The United States is inching closer to a new deal with Iran that would extend the ceasefire for 60 days, begin negotiations over Iran’s nuclear program and reopen of the Strait of Hormuz. But regardless of whether a deal is reached, there is little question that Trump’s Iran war has been an unmitigated disaster. None of the administration’s prewar goals has been achieved. Meanwhile, the costs of the conflict continue to rise exponentially.
In the three months since the U.S. attacked Iran, Trump and other administration officials have offered an ever-changing set of objectives and explanations for the conflict. Hours after the war began, Trump claimed that the overriding U.S. objective in Iran was to “defend the American people by eliminating imminent threats from the Iranian regime.” Trump has been remarkably vague on what those imminent threats are. Amazingly, one rationale he employed was that the strikes would stop Iran from using “IEDs or roadside bombs” to harm American troops, which happened when U.S. combat troops were in Iraq more than 15 years ago.
Another key argument from the Trump administration was that military strikes would prevent Iran from building a nuclear weapon. Yet Trump has repeatedly said that the U.S. “obliterated Iran’s nuclear weapons program” last June.
The Iranian regime is not only intact, but arguably more entrenched than it was before the war began.
The president has tried to square these two arguments by asserting that Iran was trying to restart its nuclear program. But this claim is contradicted by U.S. intelligence and even Secretary of State Marco Rubio, who said before the war began that there was no evidence Iran was enriching nuclear fuel. Moreover, the U.S. military has focused its strikes on Iran’s conventional military capabilities, not its nuclear infrastructure.
What about those conventional military capabilities? Annihilating Iran’s navy was another key objective of the war — and one that the U.S. has come closest to achieving. Adm. Brad Cooper, the head of U.S. Central Command, told Congress that the U.S. had destroyed 161 Iranian naval vessels and most of its mines. Yet these attacks did not target the naval assets of Iran’s Revolutionary Guard, which maintains a fleet of fast boats and land-based missile launchers, nor did they prevent Iran from shutting down maritime traffic in the Strait of Hormuz.

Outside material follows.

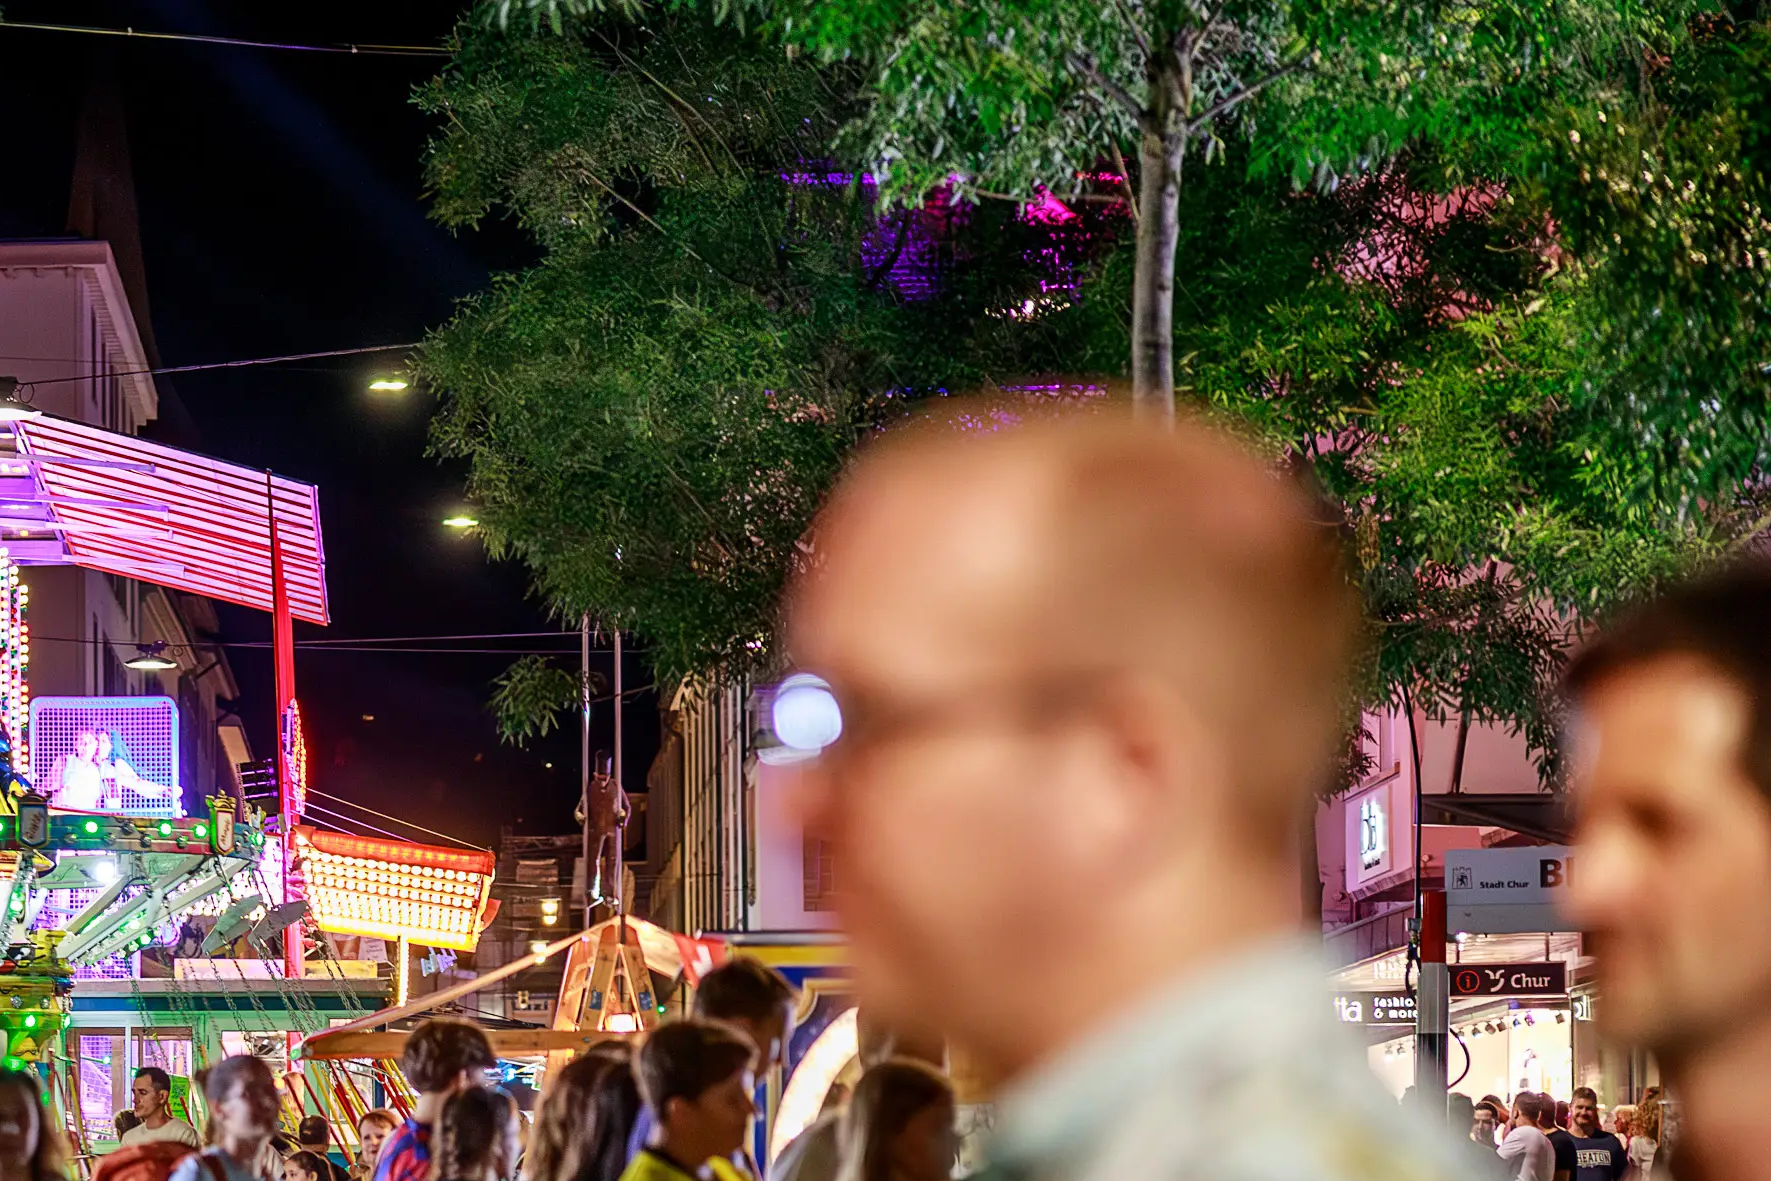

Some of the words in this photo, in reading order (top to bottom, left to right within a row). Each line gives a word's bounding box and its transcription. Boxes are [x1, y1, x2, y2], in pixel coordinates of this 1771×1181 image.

Trump also said that the U.S. wanted to destroy Iran’s missile capability and raze its missile industry to the ground. Never mind that Iran does not possess missiles that could target the U.S. and is, according to U.S. intelligence, a decade away from developing such weapons. U.S. intelligence also estimates that Iran still controls roughly 70% of its prewar missile stockpile and mobile launchers, and has regained access to approximately 90% of its underground missile storage and launch facilities.
Then there is Trump’s claim that the war would bring freedom to the Iranian people and give them a chance to reclaim their government. Although Iran’s supreme leader, Ayatollah Ali Khamenei, was killed in the first days of the war, the Iranian regime is not only intact, but arguably more entrenched than it was before the war began. If anything, the assassination of the ayatollah elevated more hard-line elements within the government. The Iranian regime is as repressive as ever. Executions of political prisoners have surged, and thousands of Iranians have been arrested.